NSA Director Adm. Michael Rogers worries it is only a matter of time before other countries exploit vulnerabilities in the computer systems that control America’s energy infrastructure to bring them down.
Rogers said that last year the Department of Homeland Security responded to 198 cyber incidents across critical infrastructure sectors, with 40 percent targeting the energy sector.
“The energy sector continues to bear the brunt of our country's cyber-attacks because hackers recognize that the energy sector is our country's Achilles heel” said Rogers.

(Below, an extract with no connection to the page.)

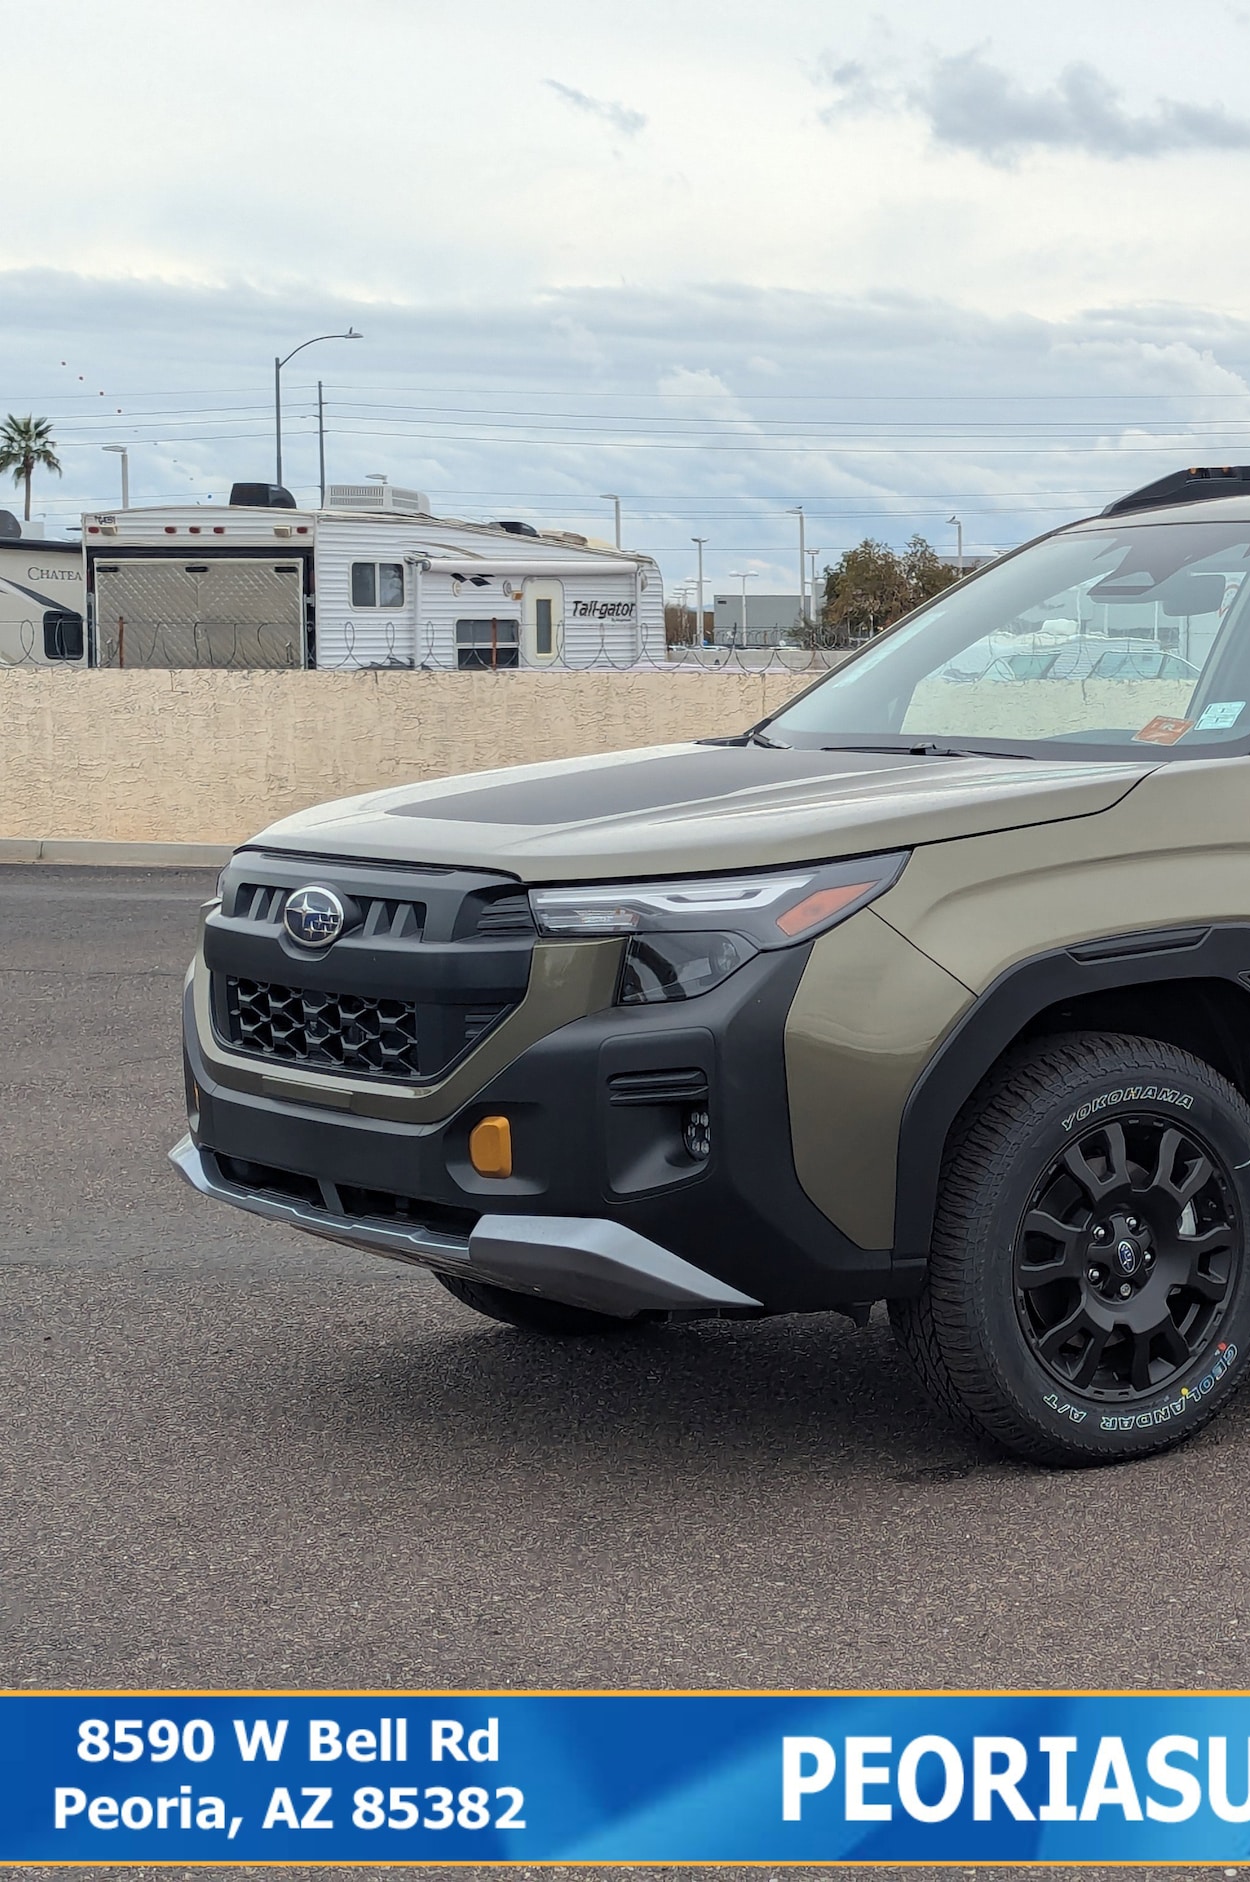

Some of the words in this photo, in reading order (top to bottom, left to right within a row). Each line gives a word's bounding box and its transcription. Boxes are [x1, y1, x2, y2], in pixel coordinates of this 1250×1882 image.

[573, 600, 636, 619] Tail-gator
[1061, 1086, 1194, 1131] YOKOHAMA
[1100, 1343, 1238, 1431] GEOLANDAR
[1043, 1393, 1087, 1423] A/T

“I have told my organization is I fully expect that during my time as the commander we are going to be tasked to help defend critical infrastructure within the United States because it is under attack by some foreign nation or some individual or group,” Rogers told the House Select Committee on Intelligence.
He said his agency has seen nation states, groups and individuals aggressively working towards gaining the capability to selectively shut down parts of the American power grid and other utility sectors.

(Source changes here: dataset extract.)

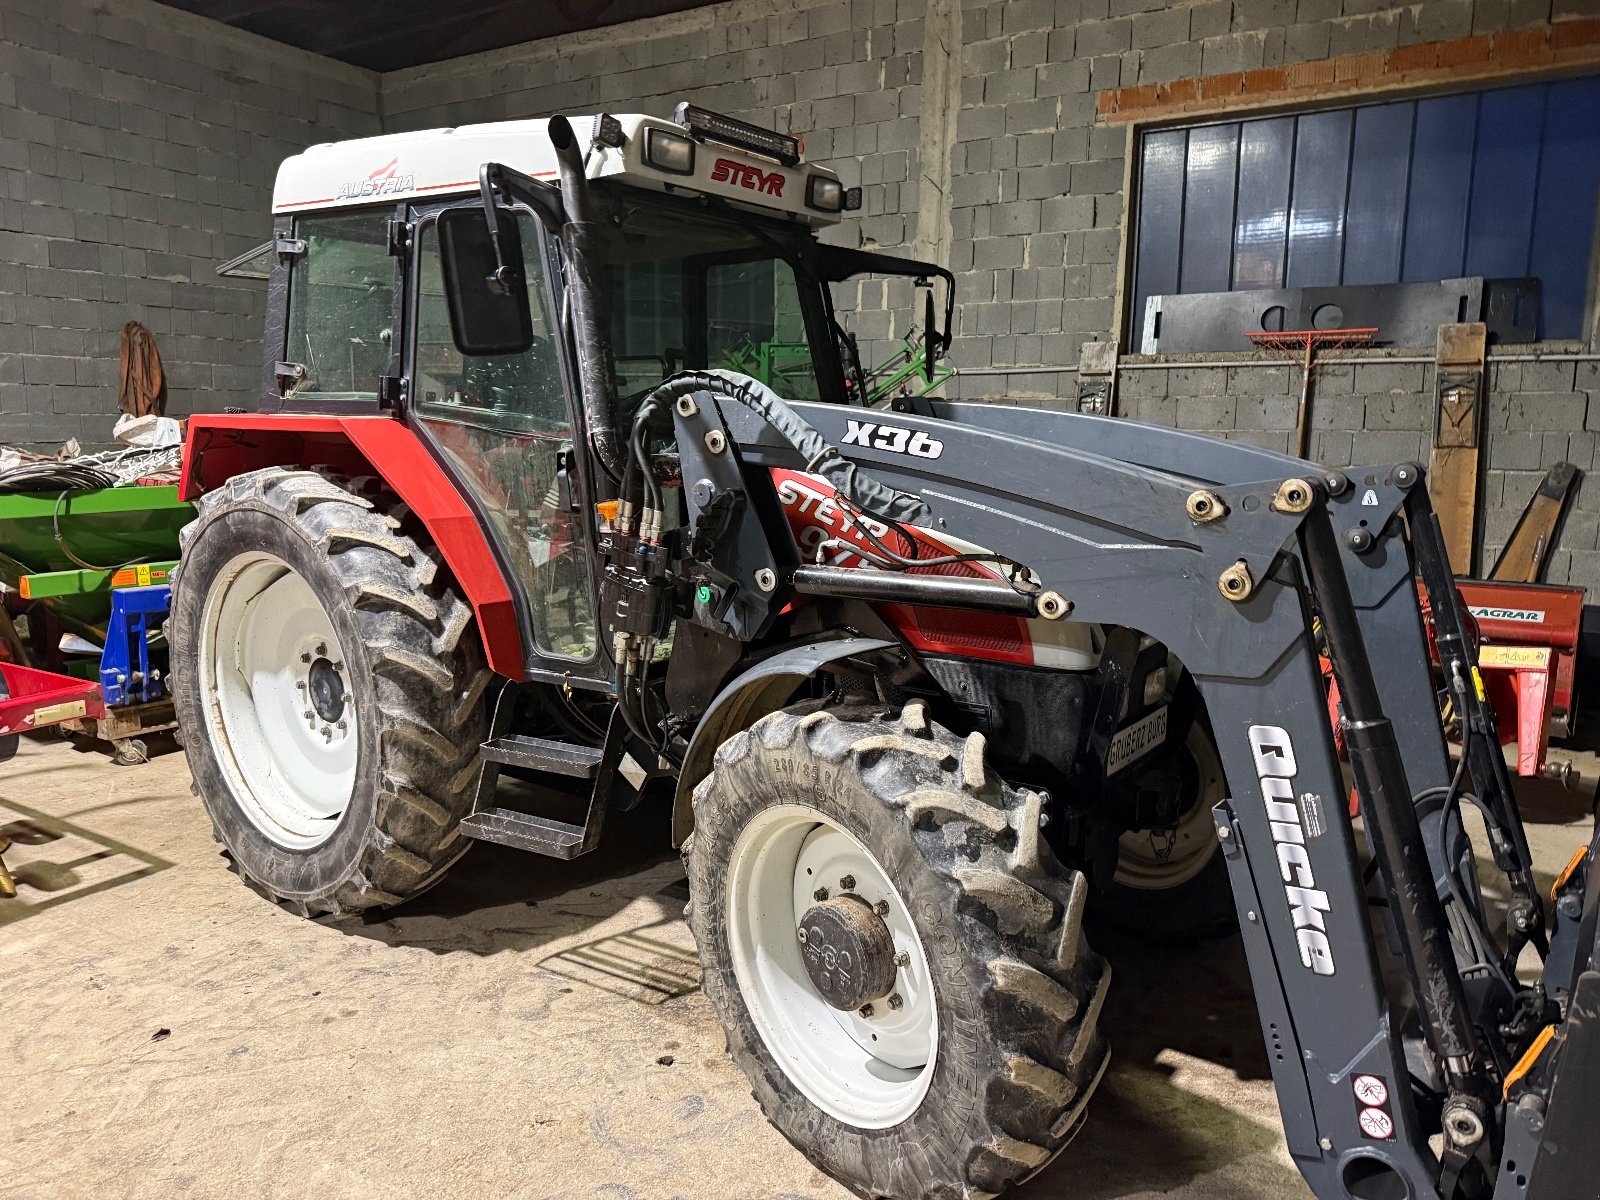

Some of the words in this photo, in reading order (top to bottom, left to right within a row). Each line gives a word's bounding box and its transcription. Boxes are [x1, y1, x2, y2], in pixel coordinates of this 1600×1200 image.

[336, 174, 415, 200] AUSTRIA
[710, 158, 786, 197] STEYR
[841, 420, 943, 459] X36
[1248, 724, 1336, 976] Quicke

Rogers described intrusions of those networks as reconnaissance designed “to understand vulnerabilities that could be exploited in the future.”
“There shouldn’t be any doubt in our minds that there are nation states or groups that have the capability to do that,” said Rogers.
He added, “All of that leads me to believe it is only a matter of the "when," not the "if" that we are going to see something traumatic.”
Getting access to those systems could mean shutting down selective parts of the American infrastructure.
“If I want to tell it power turbines to go off line and stop generating power, you can do that,” said Rogers. "If I wanted to segment the transmission systems so you couldn’t distribute the power that was coming out of power stations, this would enable you to do that.”
Rogers did not challenge committee Chairman Mike Rogers’ assertion that a report by the private cyber security firm Mandiant blamed Chinese government hackers as having gotten access into some of America’s industrial control systems.”
Rogers also worries that nation states will begin using cyber criminals as their surrogates to enter America’s computer networks.
"I’m watching nation states attempt to obscure, if you will, their fingerprints. And one of the ways to do is to use surrogate groups attempt to execute that for you,” said Rogers.
He said recent activity by some cyber criminals targeting major companies to steal credit card information may already show links as they’ve used some tools historically used by nations states.
He said that “suggests to us that increasingly in some scenarios we’re going to see more linkages between the nation state and some of these groups that’s a troubling development for us."
Rogers likened that possibility as “cyber hitmen for hire really, to serve nation states.”